Tony lives at home with his parents, working a dead end job at a big box store that took over the small town where they live. Tony had dreams of college and big time baseball. He also figured he’d come out to his family when he was away. Sadly, when that big box store came to town, it put his father’s small hardware store out of business, and money for college disappeared. So, here he is, living with his parents and big sister and playing baseball for the company team.

Tony has a crush on his teammate, Alex. However, Alex is straight (Hmmmm). Tony’s best friend has been trying to convince him to make a move on Alex. She bases this on the gay, erotic romance stories she reads where one of the main characters becomes gay for you, meaning the character had always identified as straight until he meets a gay man who he falls in love with…the only man he could fall in love with.

Tony is skeptical, but he just wants Alex so much, he decides to give her crazy plan a try.

I liked this book.
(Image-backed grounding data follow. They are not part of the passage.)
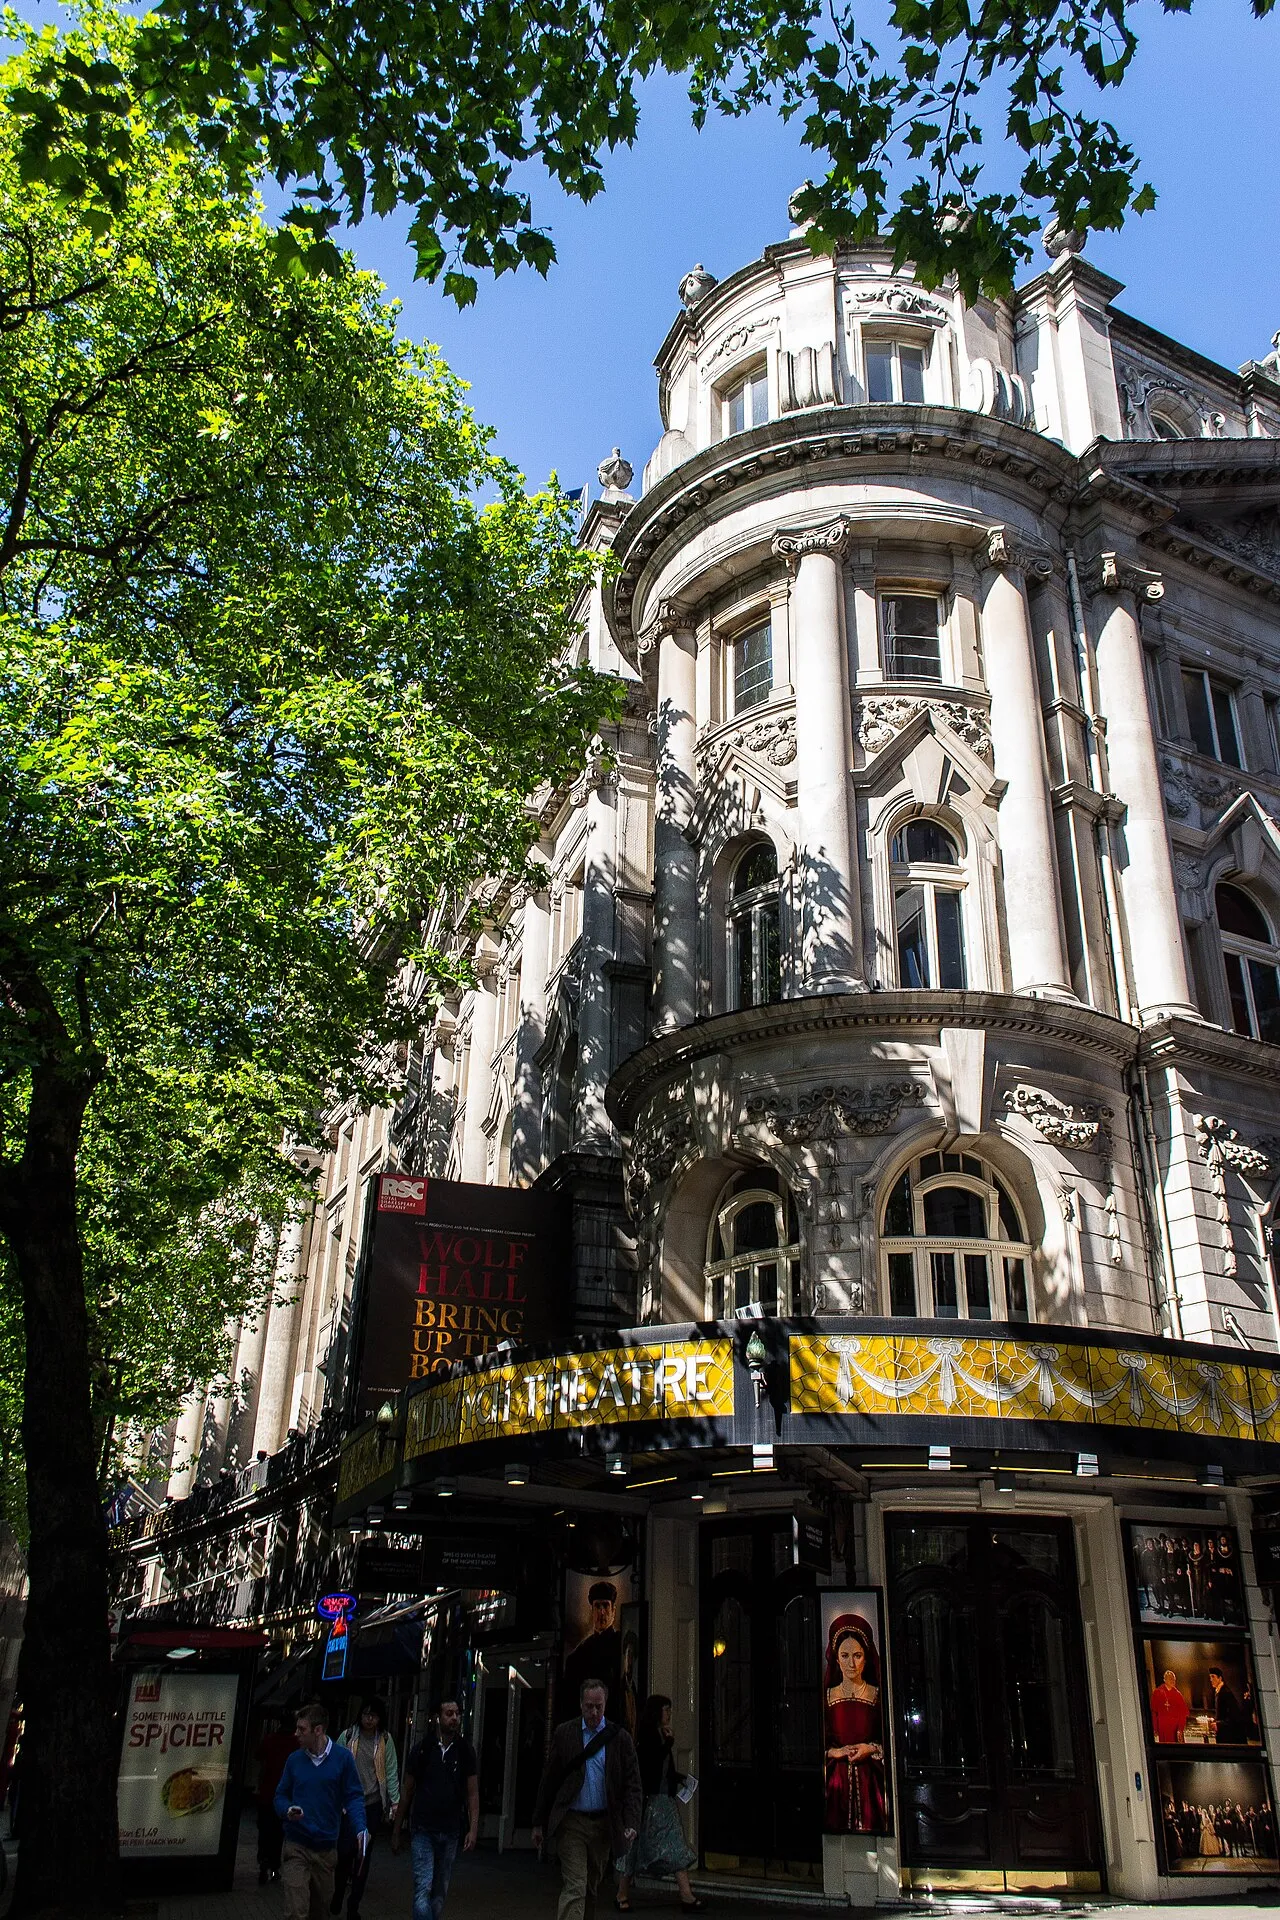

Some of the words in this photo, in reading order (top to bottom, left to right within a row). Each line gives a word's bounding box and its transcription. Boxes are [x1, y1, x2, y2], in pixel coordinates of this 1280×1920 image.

[381, 1177, 425, 1201] RSC
[416, 1230, 529, 1270] WOLF
[414, 1262, 528, 1303] HALL
[412, 1298, 525, 1335] BRING
[411, 1329, 453, 1355] UP
[457, 1333, 523, 1357] TH
[523, 1355, 716, 1418] THEATRE
[323, 1597, 350, 1607] SNACK
[132, 1711, 186, 1722] SOMETHING
[187, 1711, 195, 1721] A
[196, 1711, 227, 1721] LITTLE
[128, 1723, 225, 1753] SPICIER
[145, 1838, 166, 1846] SNACK
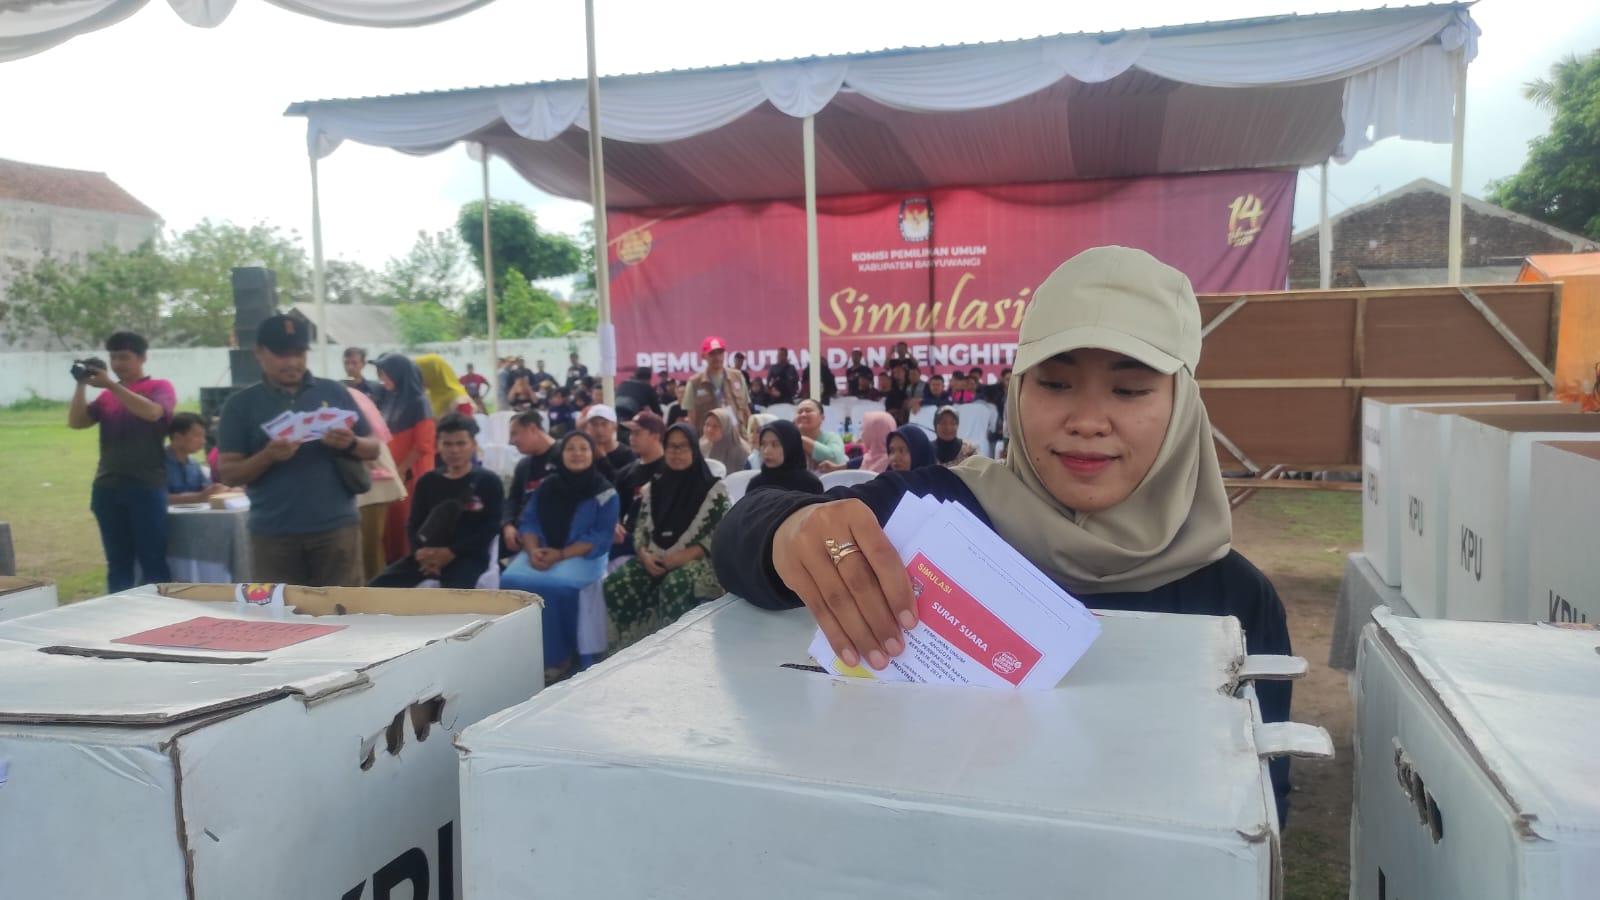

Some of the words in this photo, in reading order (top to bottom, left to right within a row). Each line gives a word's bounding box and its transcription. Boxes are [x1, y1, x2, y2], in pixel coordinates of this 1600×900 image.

[852, 252, 888, 262] KOMISI
[950, 245, 987, 257] UMUM
[858, 261, 913, 272] KABUPATEN
[819, 272, 1031, 336] Simulasi
[1408, 495, 1424, 537] KPU
[1461, 524, 1483, 582] KPU
[917, 563, 952, 594] SIMULASI
[931, 601, 961, 627] SURAT
[959, 624, 989, 652] SUARA
I thought Tony and Alex were adorable. Sure, there were issues. Tony still lived at home with his family at the age of 24 because his job doesn’t pay him enough to move out on his own. Alex is in the same predicament, but he has the added problem of an overly religious mother, a father who isn’t around because of his job in another town, and what I can only describe is a mega brat of a younger brother.

Their relationship develops slowly. They play on the same baseball team, and they’re friends. However, as I read along, I picked up on little cues telling me there was already something a little deeper going on than either young man knew. I enjoyed the bits of humor they shared, and I was also a fan of how close they were becoming through work and other activities, both alone or when they were out with their friends.
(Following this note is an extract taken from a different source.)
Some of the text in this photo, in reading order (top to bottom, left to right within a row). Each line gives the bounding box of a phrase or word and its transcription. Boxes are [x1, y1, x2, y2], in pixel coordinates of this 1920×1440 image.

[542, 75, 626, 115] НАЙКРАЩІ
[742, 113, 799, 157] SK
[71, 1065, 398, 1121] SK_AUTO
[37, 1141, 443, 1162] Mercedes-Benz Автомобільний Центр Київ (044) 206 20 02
Speaking of their friends, they had a whole mess of them. They played on a baseball team, so there were a bunch of other guys. The main two are Mike and Sean, and they were really funny. I don’t want to go into a lot of spoilers, but they play a very important role in Tony and Alex’s budding relationship. Tony’s best friend Jennifer made me laugh. She was a romantic at heart, and she wanted Tony to be happy. She knew Alex would make Tony happy, so she set out on a campaign to make that happen.

I have to admit I was frustrated with the guys’ families. I found myself wondering if they were just being played for laughs, or if they really were just overbearing and smothering. The term helicopter parent would be an understatement here. Yes, I understand parents think of their children as their babies, no matter how old they are, but Tony’s mother drove me up a wall. She was sweet, but I just wanted to shake her every now and then to remind her Tony was a grown up and tell her to leave him the hell alone! I despised Alex’s mother, and I think you will to. She’s on her way to redemption at the end, but it didn’t make me feel much better because she was so awful during most of the story.
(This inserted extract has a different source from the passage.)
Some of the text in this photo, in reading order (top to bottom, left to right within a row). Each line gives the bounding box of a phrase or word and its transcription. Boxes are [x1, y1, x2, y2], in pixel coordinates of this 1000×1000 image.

Of course, you must have a bad guy, and I’m going to declare Zach is that guy. He starts out nice enough, but I came to think of him as somewhat of a snake in the grass. I didn’t trust him, and it turns out I was right. That’s all I’m going to say on that because, as I said, I don’t want to give anything away.

The Outfielders was a longish book, so there was a lot going on. Sometimes, I thought it crawled along a little too slowly. I found myself skimming a bit in the middle, especially since I was frustrated at the guys’ situations. I lived at home until I got married, so I know what it felt like to have parents who overdid it in the I do it because I love you department. Also, I did some crying. Robert P. Rowe did a great job in bringing emotion to the story.

All in all, The Outfielders was a good book. It had a little of everything…romance, sex, humor, desperation, and friendship. I highly recommend it, and I would not hesitate to read more books by Robert P. Rowe.

A review copy of this book was provided by Dreamspinner Press.